== Data provided ==

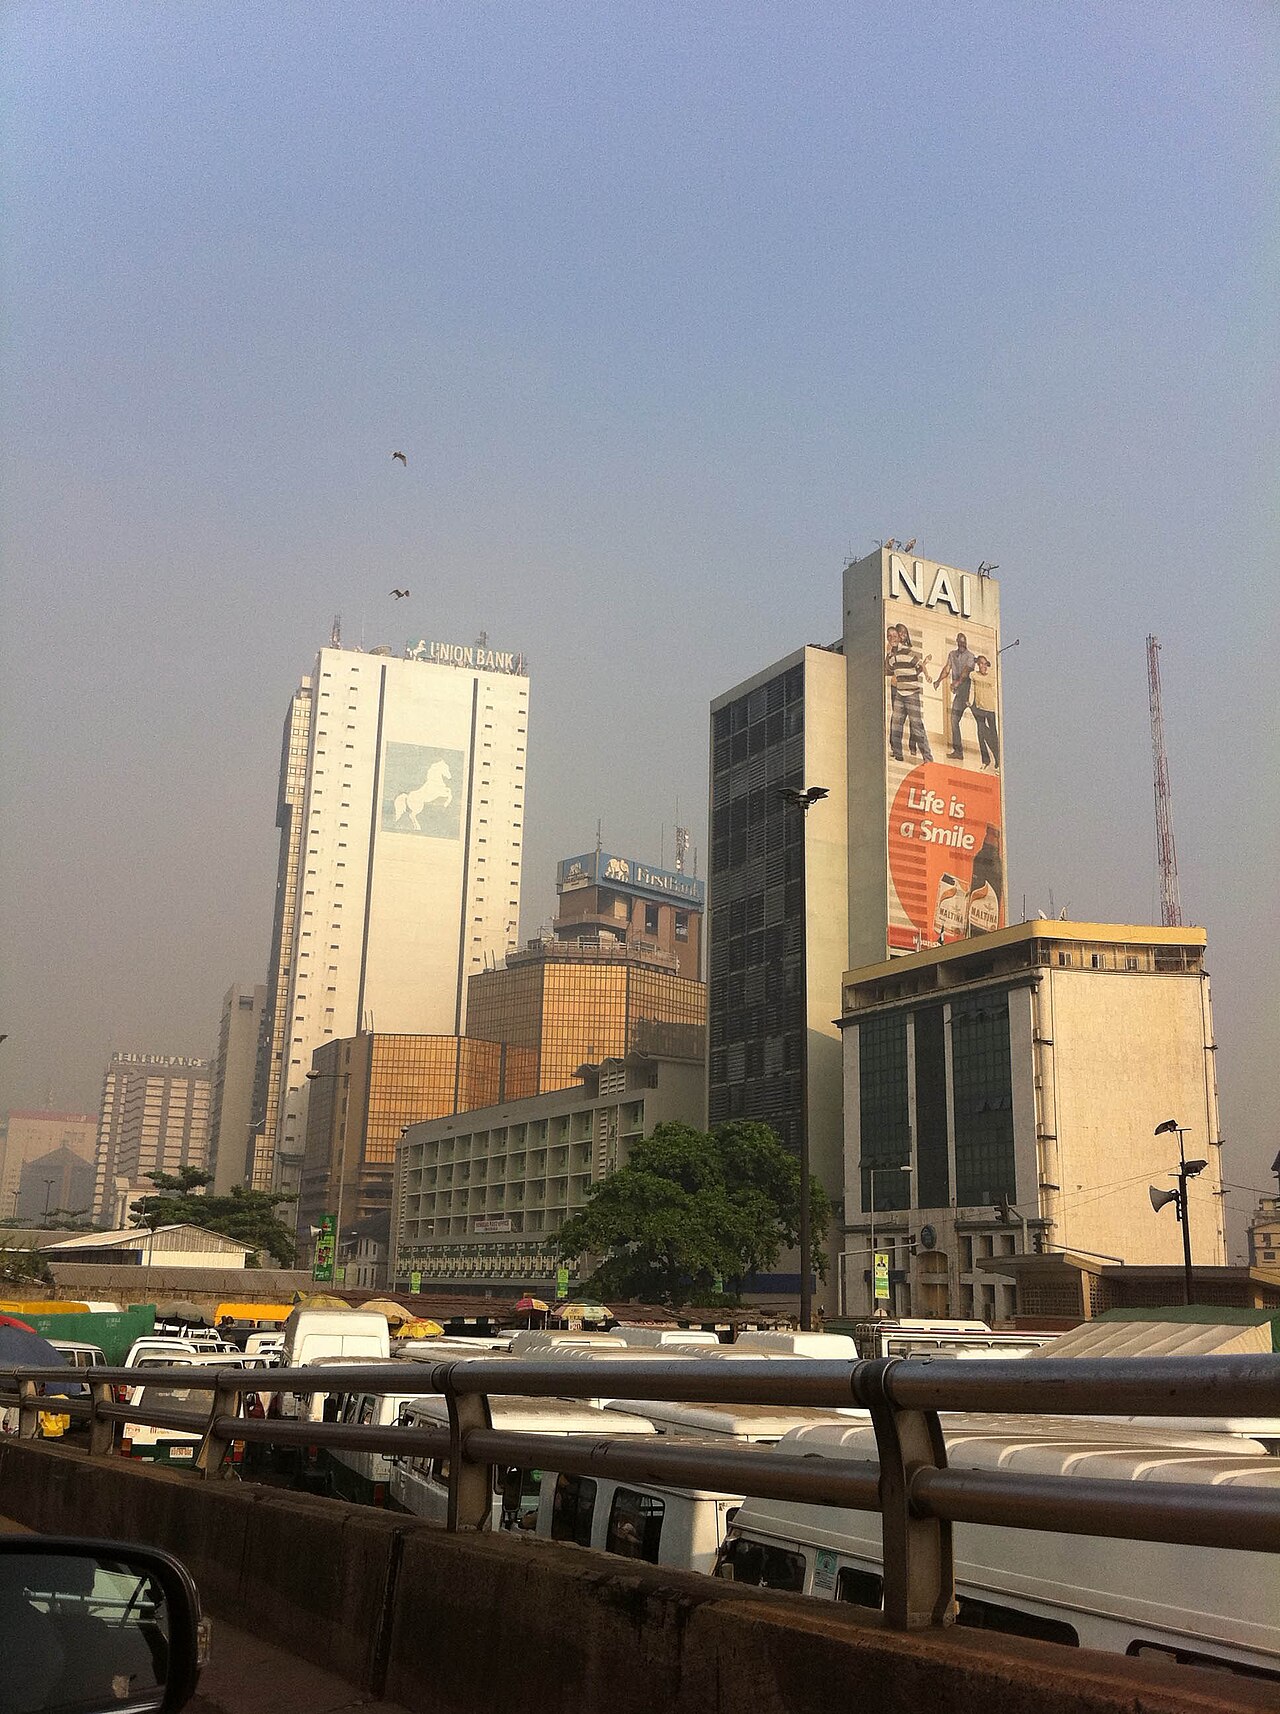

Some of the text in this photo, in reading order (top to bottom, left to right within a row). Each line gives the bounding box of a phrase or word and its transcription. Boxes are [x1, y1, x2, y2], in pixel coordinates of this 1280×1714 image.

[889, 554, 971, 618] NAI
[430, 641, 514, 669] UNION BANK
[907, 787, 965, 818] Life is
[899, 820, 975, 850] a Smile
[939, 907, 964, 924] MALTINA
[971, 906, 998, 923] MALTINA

===

• [Exercise directions]
Word for word, set down each record shown above, omitting the pictures.

• [Exercise response]
Some of the text in this photo, in reading order (top to bottom, left to right within a row). Each line gives the bounding box of a phrase or word and its transcription. Boxes are [x1, y1, x2, y2], in pixel coordinates of this 1280×1714 image.

[889, 554, 971, 618] NAI
[430, 641, 514, 669] UNION BANK
[907, 787, 965, 818] Life is
[899, 820, 975, 850] a Smile
[939, 907, 964, 924] MALTINA
[971, 906, 998, 923] MALTINA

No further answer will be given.